A court hearing Thursday in Douglas County, Colorado, could provide details about the extradition of an Algonquin woman charged with stabbing and killing her boyfriend’s elderly parents.
Arin M. Fox, 39, remained on Wednesday afternoon at the Douglas County Jail in Colorado, where she was being held as a fugitive from justice. She is scheduled for a hearing at 8:30 a.m. Thursday, at which point she can choose whether to waive her right to an extradition hearing, McHenry County State's Attorney Patrick Kenneally said.
Should Fox choose to waive extradition, she could arrive back in McHenry County sometime early next week, Kenneally said.
“If she does not wave extradition, we’ll have to get a governor’s warrant,” Kenneally said.
Fox, of Algonquin, is charged with first-degree murder, possession of a stolen motor vehicle, aggravated battery and domestic battery in connection with the deaths of 69-year-old Noreen S. Gilard and 73-year-old Leonard J. Gilard Jr.
Autopsies for the Gilards were scheduled for Tuesday. The McHenry County Coroner’s Office could not be reached Wednesday to comment on a possible cause of death for either Noreen or Leonard Gilard.
Algonquin police discovered the Gilards’ bodies Sunday during a well-being check at the couple’s 635 Red Coach Lane home, officials have said.
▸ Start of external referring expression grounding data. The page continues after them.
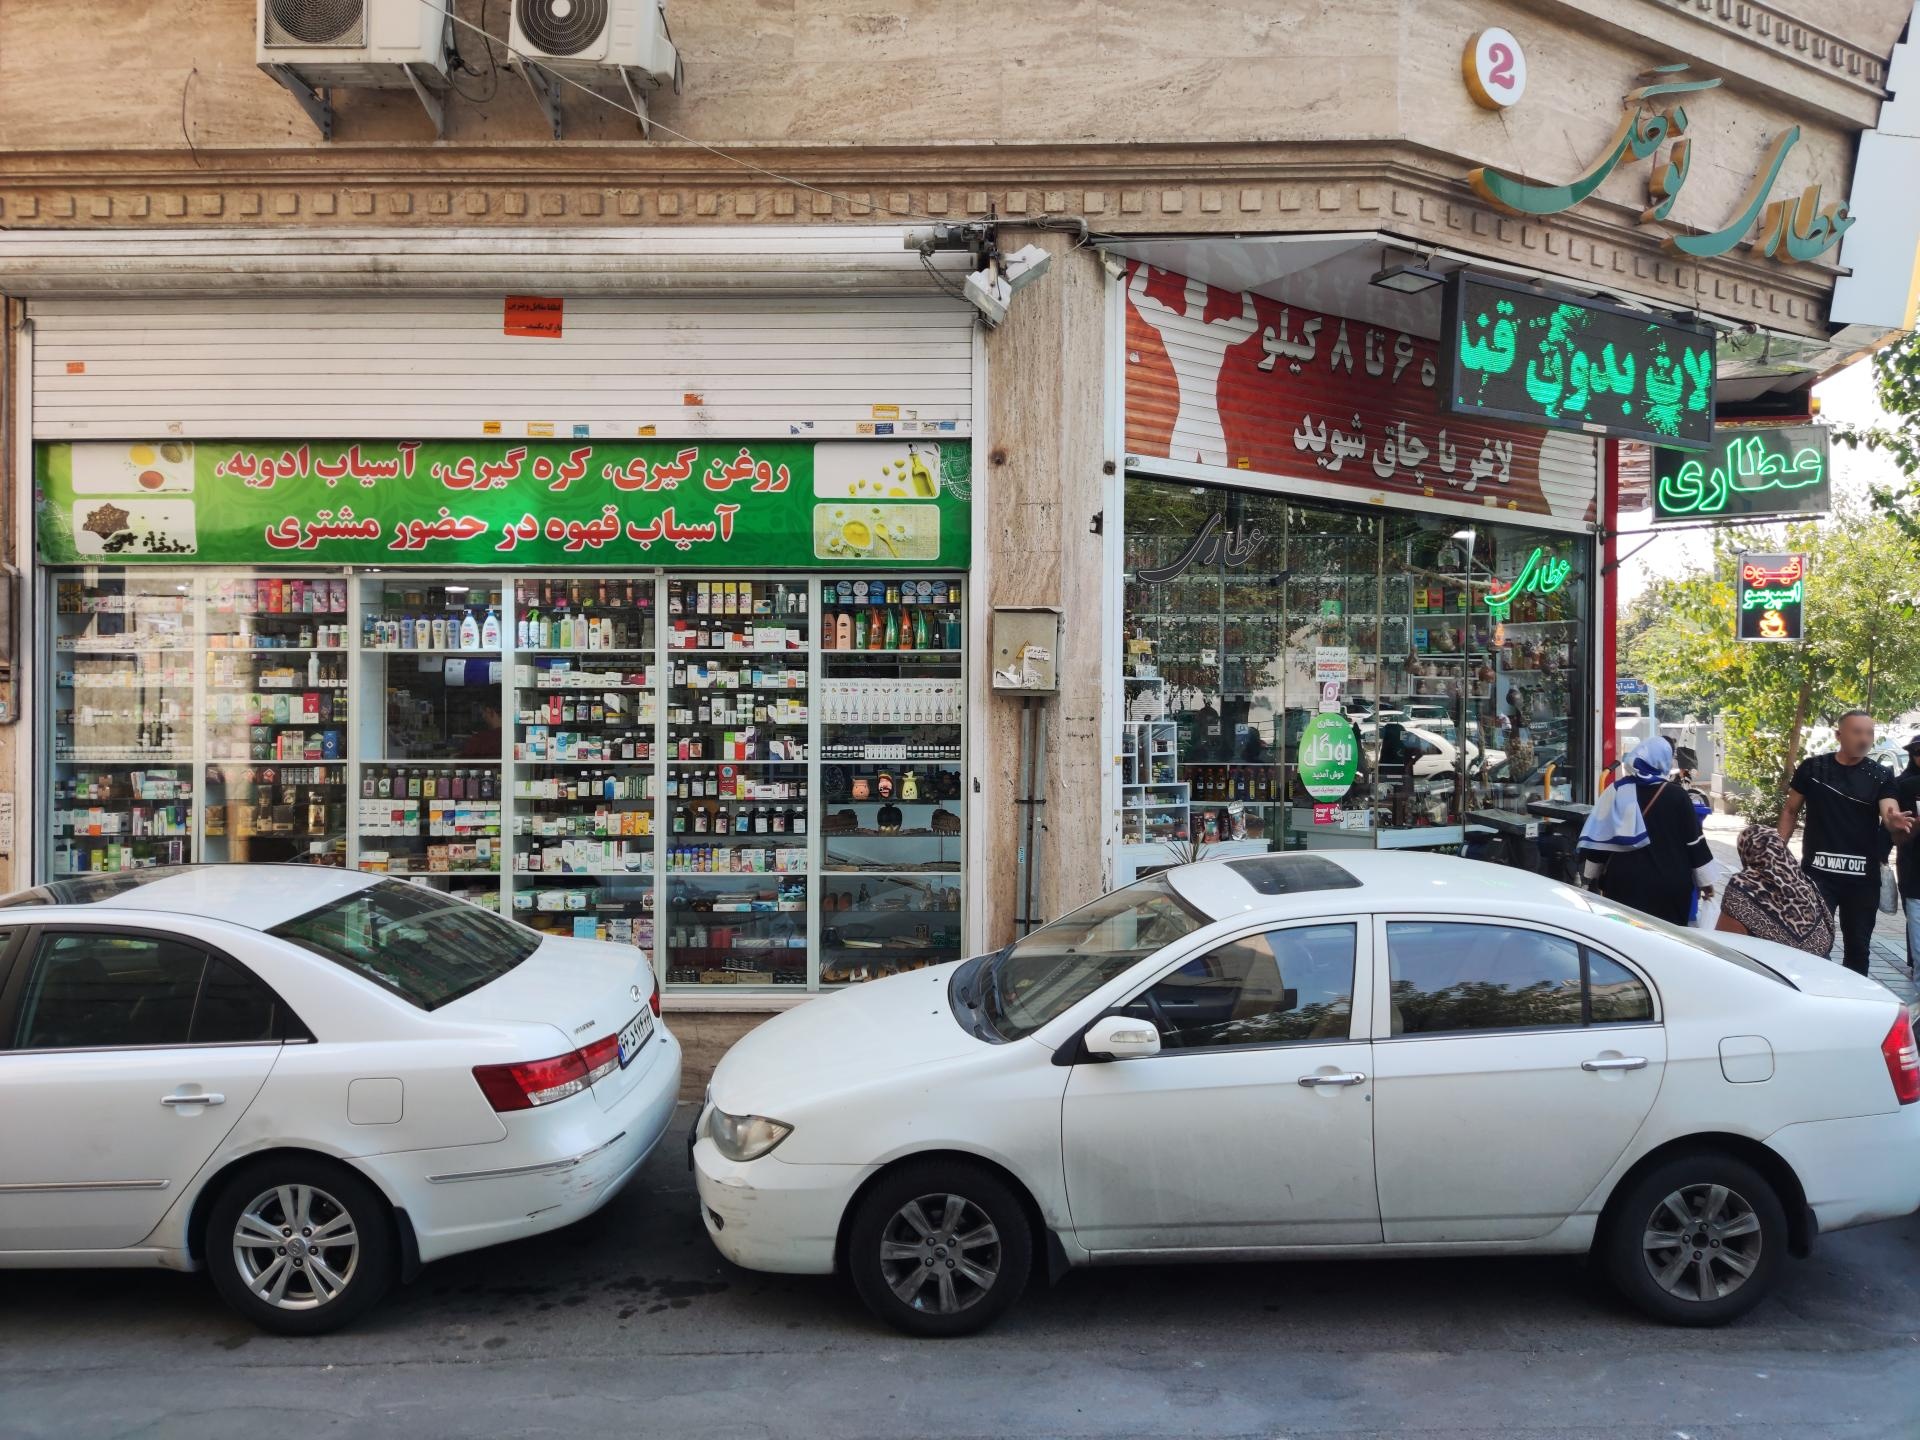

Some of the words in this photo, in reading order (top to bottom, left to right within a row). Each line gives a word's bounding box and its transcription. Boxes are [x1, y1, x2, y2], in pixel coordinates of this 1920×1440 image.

[1488, 43, 1515, 90] 2
[1257, 307, 1323, 374] کیلو
[1331, 318, 1354, 375] ۸
[1365, 328, 1385, 377] تا
[1393, 333, 1414, 385] ۶
[315, 442, 423, 488] آسیاب
[1293, 412, 1367, 473] شوید
[1371, 422, 1429, 485] چاق
[1438, 427, 1457, 487] یا
[1463, 436, 1513, 493] لاغر
[215, 444, 310, 489] ادویه،
[430, 446, 527, 492] گیری،
[533, 446, 592, 492] کره
[602, 446, 699, 491] گیری،
[702, 447, 791, 493] روغن
[1658, 435, 1823, 513] عطاری
[265, 505, 381, 550] مشتری
[388, 507, 489, 550] حضور
[495, 511, 538, 552] در
[545, 504, 621, 552] قهوه
[627, 503, 740, 551] آسیاب
[1138, 512, 1265, 583] عطاری
[1484, 547, 1571, 608] عطاری
[1742, 580, 1802, 611] اسپرسو
[1743, 557, 1801, 588] قهوه
[1304, 733, 1352, 767] نوگل
[1329, 770, 1344, 780] خوش
[1812, 855, 1826, 868] NO
[1827, 856, 1847, 870] WAY
[1848, 859, 1867, 872] OUT
By that time, Fox already had fled in the Gilards’ Buick and arrived in Colorado, police said.
The couple’s adult son, Andrew Gilard, was in custody at the McHenry County Jail at the time his parents’ death and is not considered a suspect, Algonquin police have said.
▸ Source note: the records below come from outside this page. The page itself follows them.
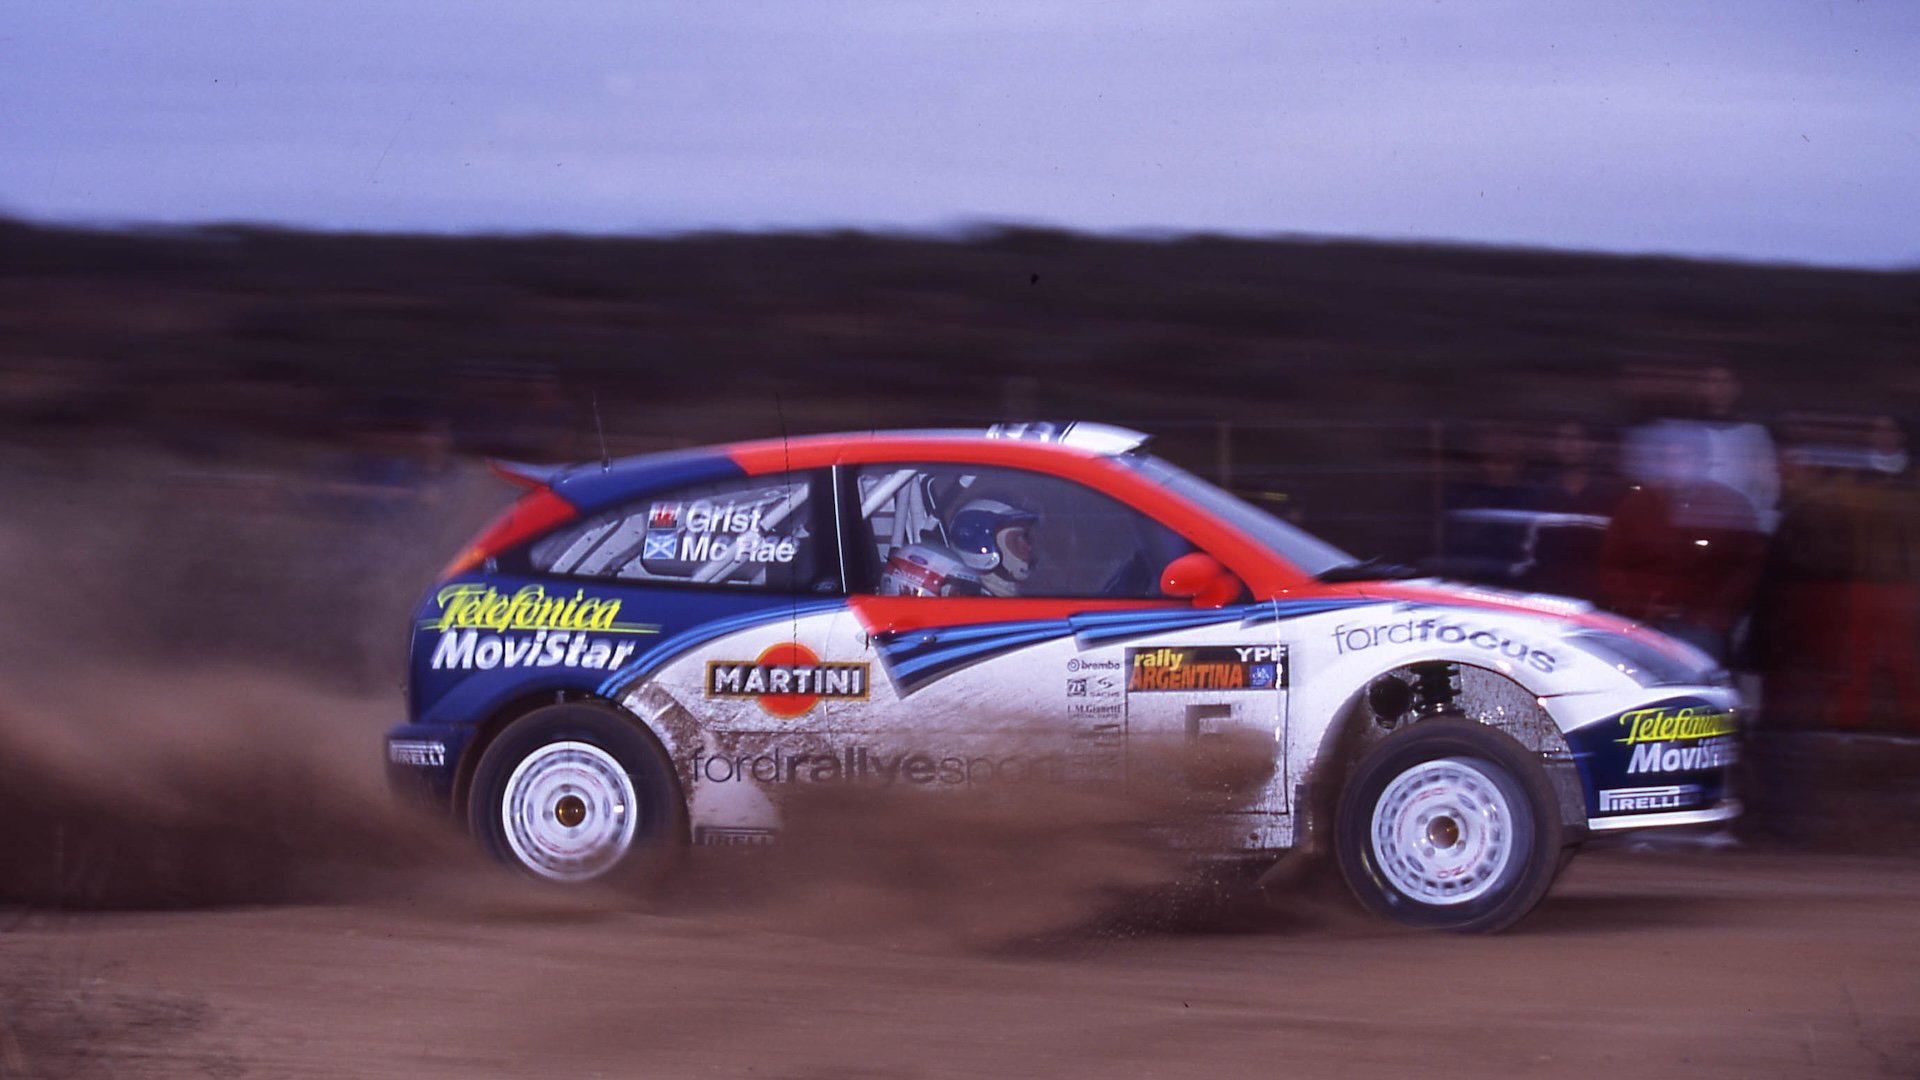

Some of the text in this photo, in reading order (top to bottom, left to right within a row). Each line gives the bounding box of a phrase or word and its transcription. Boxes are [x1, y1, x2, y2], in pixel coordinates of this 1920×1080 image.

[686, 501, 762, 533] Grist
[431, 628, 637, 670] MoviStar
[1234, 646, 1287, 662] YPF
[1331, 618, 1557, 673] fordfocus
[1133, 649, 1183, 671] rally
[714, 667, 862, 695] MARTINI
[1128, 663, 1244, 690] ARGENTINA
[1600, 786, 1680, 811] PIRELLI
Fox was receiving psychiatric treatment at least two months before she would be charged in the double homicide, Kenneally said.
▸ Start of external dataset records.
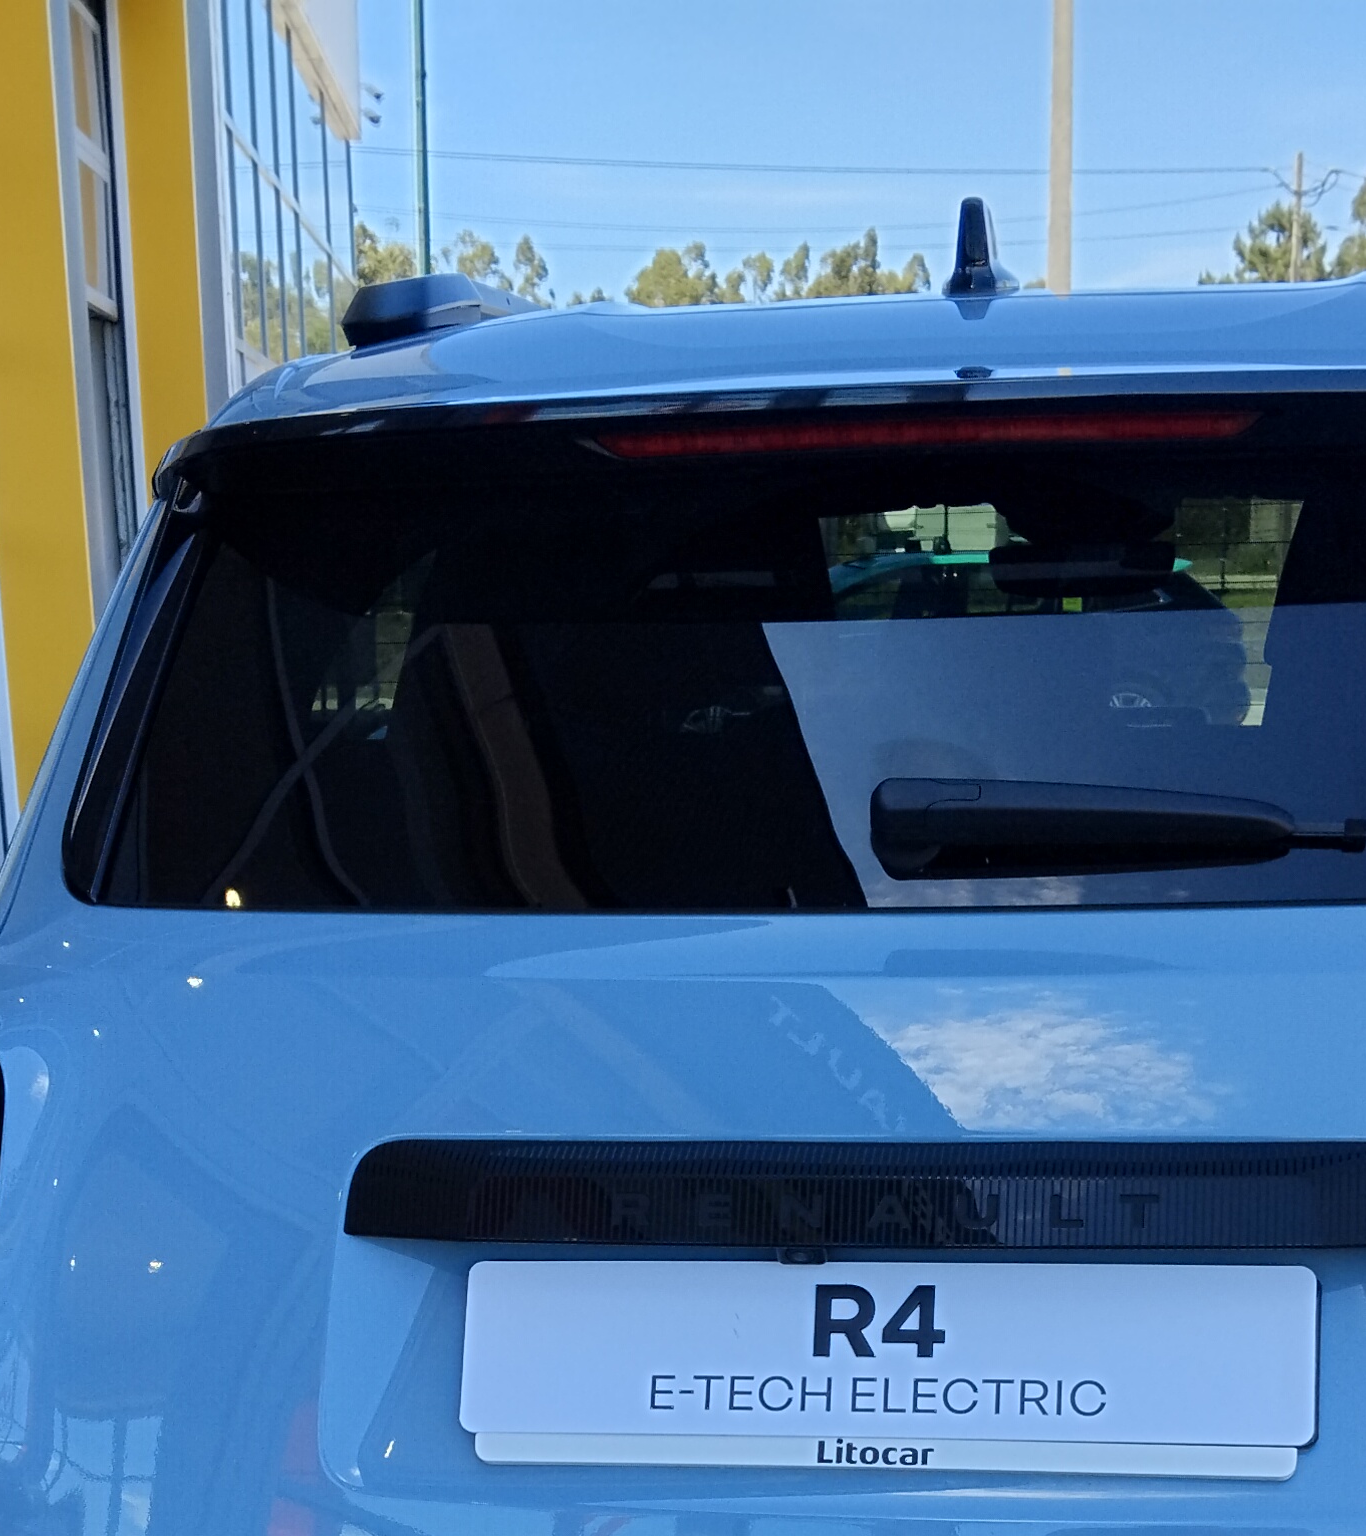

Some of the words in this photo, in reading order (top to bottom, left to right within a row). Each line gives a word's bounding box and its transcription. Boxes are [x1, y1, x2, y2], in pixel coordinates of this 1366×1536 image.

[609, 1192, 1161, 1230] RENAULT
[812, 1283, 946, 1359] R4
[649, 1374, 834, 1413] E-TECH
[850, 1376, 1108, 1418] ELECTRIC
[816, 1438, 935, 1467] Litocar
The woman was arrested in October 2019 after her boyfriend called the police and reported that Fox threw a butcher’s knife at now-deceased Gilard Jr., court records show. Fox had been using the knife to chop vegetables when she allegedly threw it in Gilard Jr.’s direction, Kenneally said. The knife never struck Gilard Jr.
Fox was charged with a misdemeanor count of aggravated battery, but the case was dismissed in September. Gilard Jr. never provided a written statement or communicated with the McHenry County State’s Attorney’s Office, despite multiple attempts by prosecutors, Kenneally said.
“All parties indicated that Ms. Fox was suffering from psychological problems at the time and was not taking her prescribed medication,” Kenneally said in a statement that he emailed Tuesday afternoon.
Following Fox’s 2019 arrest, Gilard Jr. did not respond to multiple written notices of court dates and proceedings, Kenneally said.
“The decision was made to dismiss the case in view of the fact that the knife did not strike Mr. Gilard, there were no injuries, and upon verification that Ms. Fox was receiving ongoing psychiatric treatment,” he said.
Because the charge was a misdemeanor, Fox would have faced less than one year in the county jail, probation, or conditional discharge if she had been convicted.
Her most recent conviction in McHenry County was for a 2011 felony aggravated battery charge that ultimately resulted in eight months of conditional discharge, records show. She also was required to receive mental health treatment as a condition of her sentence.